I may very well be mistaken - wouldn't be the first time!! I tried to
access the actual specification from ANSI (www.ansi.org), but you either
have to purchase them or access one of the "drafts" (which a couple
folks in this thread have done), but the draft may or may not match the
actual standard. While Dr. Hipp's new RTRIM collation makes this a moot
point, the source for my statement came from this article:
http://support.microsoft.com/kb/316626



As I'd mentioned, we have both SQL Server 2005 and Oracle 10g and they
default to ignore trailing spaces on character compares, although it may
be possible to turn this off for those who don't like it. I believe (but
am not sure) that MYSql and PostGreSQL ignore them by default also. I
understand many of the arguments folks have against this and there's not
much point to continuing the discussion; I won't change their mind and
they won't change mine! But I guess that's why we have Republicans and
Democrats :-)

But all is well - the RTRIM collation option is a neat and simple
solution. My thanks to Dr. Hipp for that, and also to everyone who has
shown an interest in this issue.

- Jeff


-----Original Message-----
From: Dennis Cote [mailto:[EMAIL PROTECTED] 
Sent: Monday, January 21, 2008 11:46 AM
To: sqlite-users@sqlite.org
Subject: Re: [sqlite] SQLite character comparisons

Fowler, Jeff wrote:
> Hello All,
>  
> Not trying to be antagonistic, but I'm curious to know how many of you
agree with Darren's sentiments on this issue. To restate briefly, ANSI
SQL-92 specifies that when comparing two character fields, trailing
spaces should be ignored. Correct me if I'm wrong Darren, but you feel
this is a bad decision, and in fact SQLite's implementation of character
comparison (respecting trailing spaces) is superior to ANSI's specs.
Keep in mind this is not some obscure issue that can be subject to
different interpretations by different vendors; it's very clearly
stated: "The ANSI standard requires padding for the character strings
used in comparisons so that their lengths match before comparing them."
>   
Jeff,

I think you are mistaken about what the ANSI spec says.

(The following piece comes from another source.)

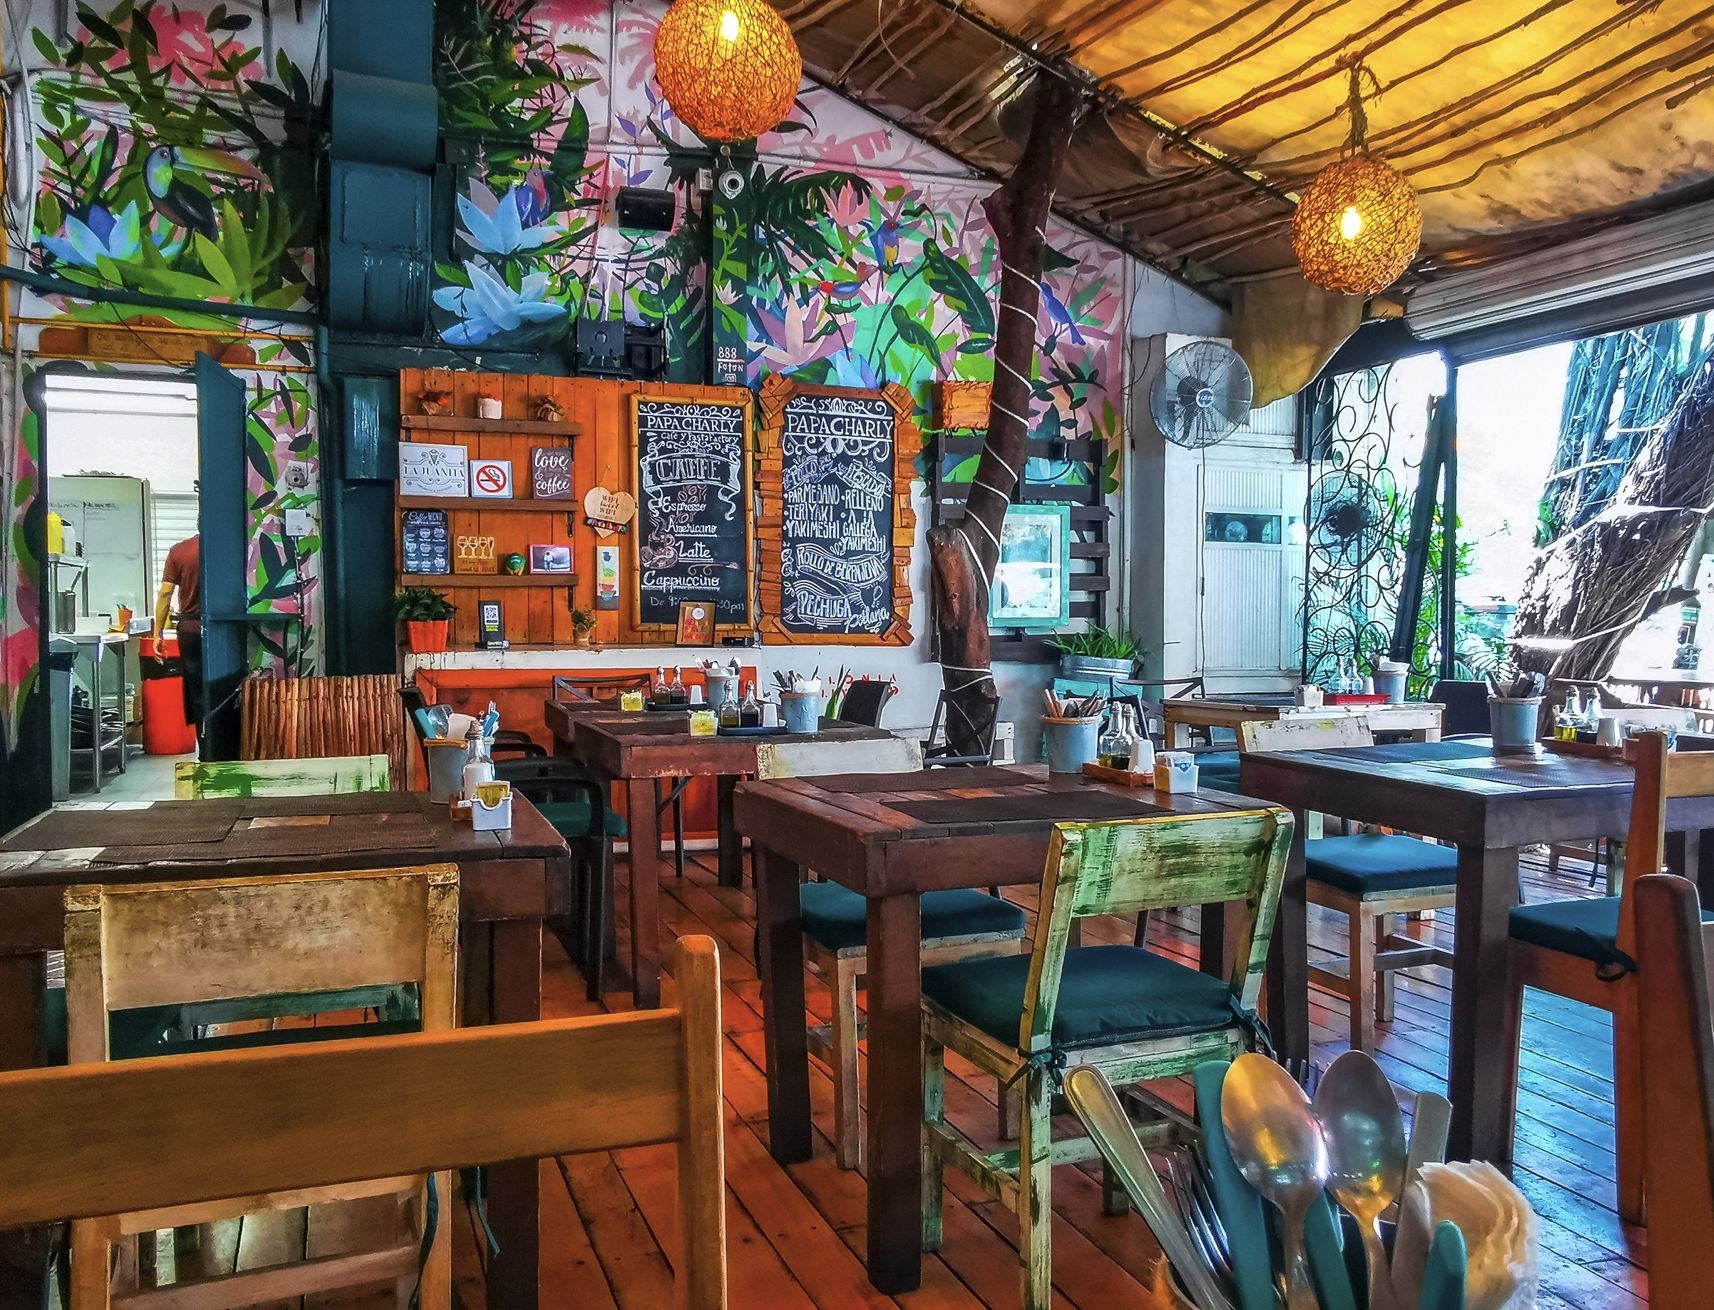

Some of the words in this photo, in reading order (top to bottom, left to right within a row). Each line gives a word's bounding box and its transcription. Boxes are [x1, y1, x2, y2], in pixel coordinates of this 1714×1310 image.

There are two string types in ANSI SQL, character strings (which come is
several subtypes), and binary strings. The following excerpts are taken
from the SQL:1999 spec.

Section 4.2.1 Character Strings and Collations describes the operations
on character strings. It describes comparisons as
> Given a collating sequence, two character strings are identical if and

> only if they are equal in accordance with the comparison rules 
> specified in Subclause 8.2, ''<comparison predicate>''. The collating 
> sequence used for a particular comparison is determined as in 
> Subclause 4.2.3, ''Rules determining collating sequence usage''.
Binary strings are defined in Section 4.3 as;
> A binary string is a sequence of octets that does not have either a 
> character set or collation associated with it.
And their comparison is detailed in 4.3.1 as;
> All binary strings are mutually comparable. A binary string is 
> identical to another binary string if and only if it is equal to that 
> binary string in accordance with the comparison rules specified in 
> Subclause 8.2, ''<comparison predicate>''.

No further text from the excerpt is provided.